Seeing the Rebs ceding the 75-yard-wide patch of open ground between the Miller house and the Cornfield, General Gibbon quickly pushed his brigade forward into the gap until suddenly encountering fire from its right. This fire emanated from the two Confederate brigades of Jones and Grigsby and it quickly began tearing apart Gibbon’s command. In response, the 6th Wisconsin’s Colonel Bragg turned a portion of his regiment right to face the enemy, launching them right at the threat. As the Southerners rose from their hiding place behind several low rock ledges to fire another volley, Bragg realized the danger and instantly ordered his men back to the protection of the post and rail fence at the Cornfield’s western edge. Men scattered, racing for the fence upon which they instantly realigned and regained order. Doing so, however, reoriented the bulk of the 6th Wisconsin facing not forward toward the church, but instead west, toward the West Woods. [23]
Although Doubleday’s attack was barely underway but already off track and something had to be done to get it moving again. Within moments, Gibbon ordered the 19th Indiana and 7th Wisconsin across the Hagerstown Pike, heading southwestward toward the left flank of the two enemy brigades. Gibbon then directed the 2nd Wisconsin forward on the left to help the beleaguered 6th and called forward a two-gun section from Campbell’s battery, commanded by Lieutenant James Stewart, deploying it in the center to support the two infantry forces. Gibbon’s adaptation struck these two defending Southern brigades—Jones and Grigsby—in front and from both flanks. If this pincer movement worked, Gibbon’s brigade would soon reunite and resume driving to the Dunker Church. [24]

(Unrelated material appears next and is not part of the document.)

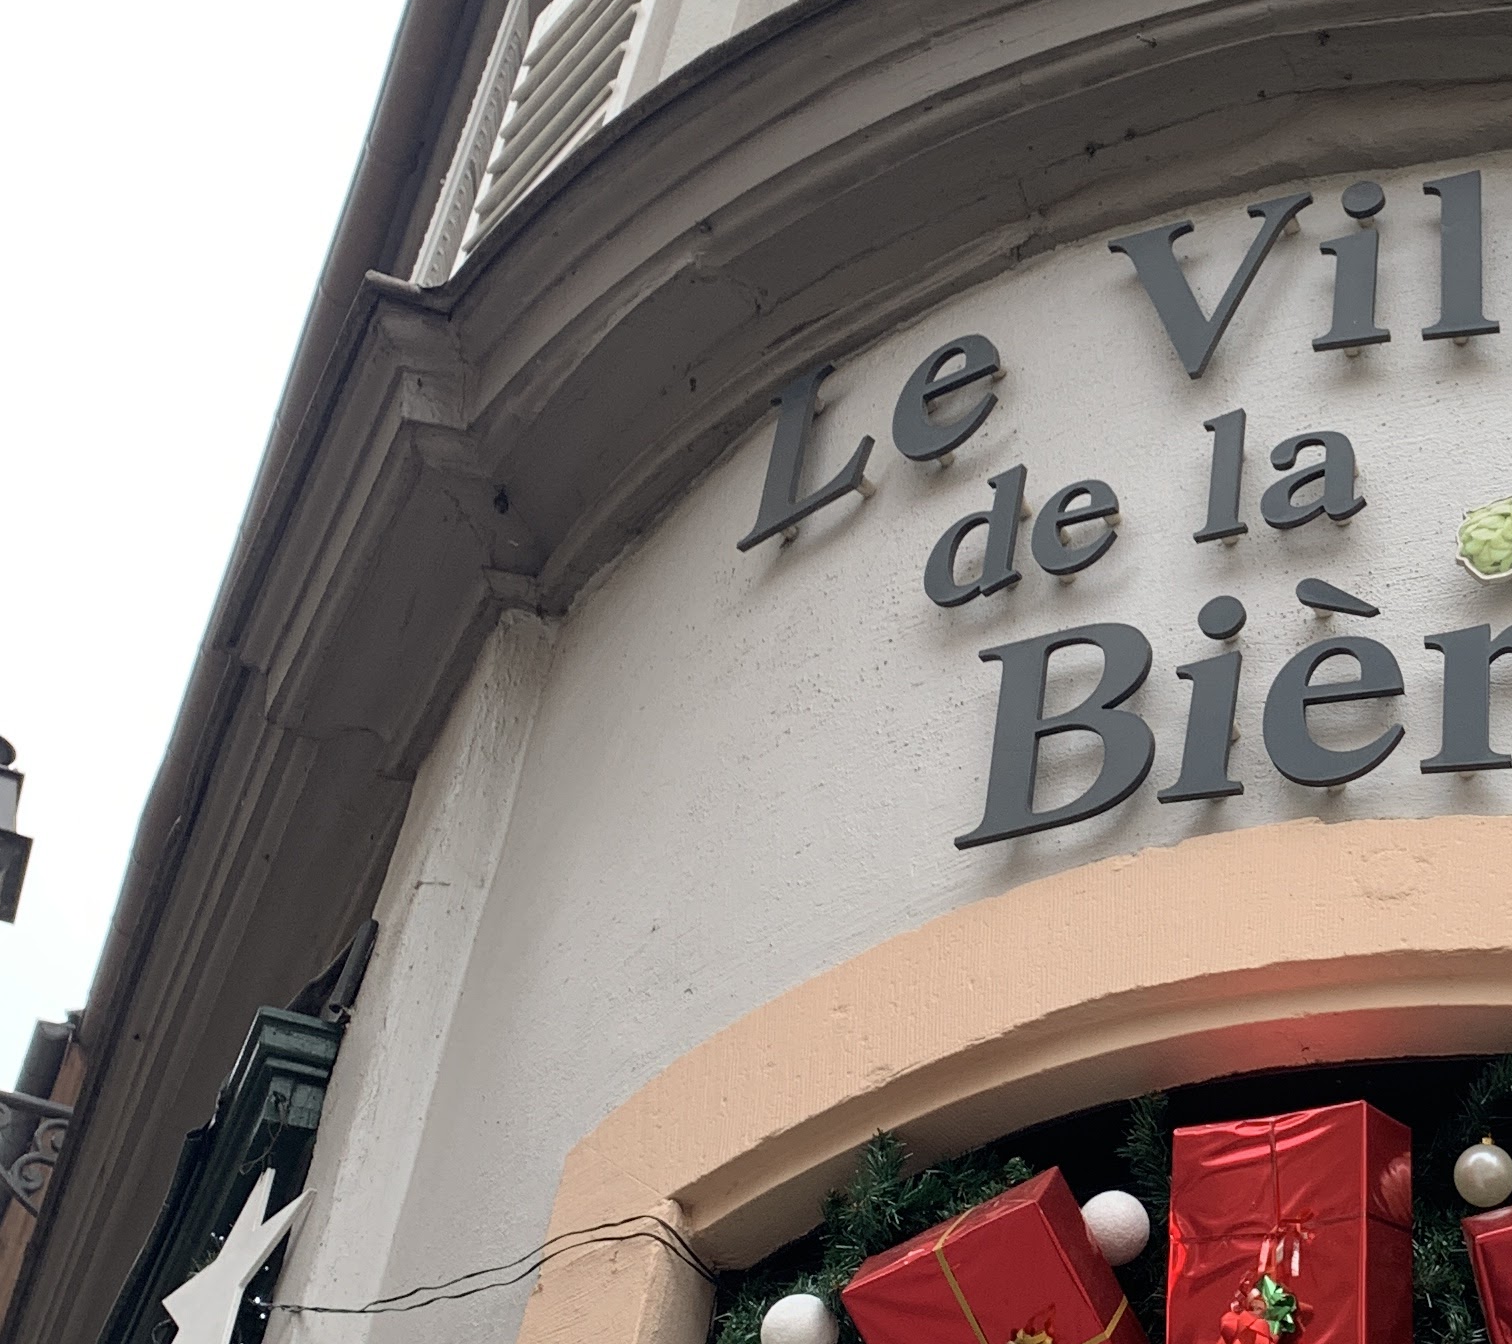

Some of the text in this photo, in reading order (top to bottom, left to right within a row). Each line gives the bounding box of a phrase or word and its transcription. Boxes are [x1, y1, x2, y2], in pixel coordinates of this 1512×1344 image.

[736, 333, 1003, 552] Le
[924, 408, 1367, 609] de la

Seeing what Gibbon was about here, Doubleday moved to help him. Redirecting Patrick’s advancing brigade, he sent it not forward toward the church but instead across the Hagerstown Pike and into the West Woods to aid the 19th Indiana and 7th Wisconsin. And as the men of the 19th Indiana’s Company B, leading the advance as skirmishers, stepped among the trees they unknowingly became the first Union troops to enter Antietam’s West Woods.
Doubleday’s and Gibbon’s pincer attack was putting ever-growing pressure on nearby Confederate defenders in Jones’s and Grigsby’s Stonewall brigades. Their right had for some minutes been threatened by Yankees entering the Cornfield across the road, now two fresh Union brigades had appeared on their left and right—Patrick’s and Phelps’ Brigades, respectively—threatening to engulf them whole, if not destroy the two Southern brigades with withering fire.

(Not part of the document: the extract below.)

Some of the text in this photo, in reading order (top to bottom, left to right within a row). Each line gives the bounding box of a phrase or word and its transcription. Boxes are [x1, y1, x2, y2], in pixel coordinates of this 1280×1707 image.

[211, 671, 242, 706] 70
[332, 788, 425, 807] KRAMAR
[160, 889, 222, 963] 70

General Starke moved quickly, responding to these threats. First pulling back his artillery to ensure its safety, he next pushed forward Taliferro’s and his namesake brigade to hold off the Federal tide – but to no avail. Barely had they moved into the gap Starke hoped to plug when a tremendous infantry volley poured into their right flank, delivered by Phelps’ 2nd US Sharpshooters armed with Sharps breech-loading infantry rifles. Perhaps this fire’s greatest impact, though, was in striking down General Starke, the architect of Jackson’s defense here. [25]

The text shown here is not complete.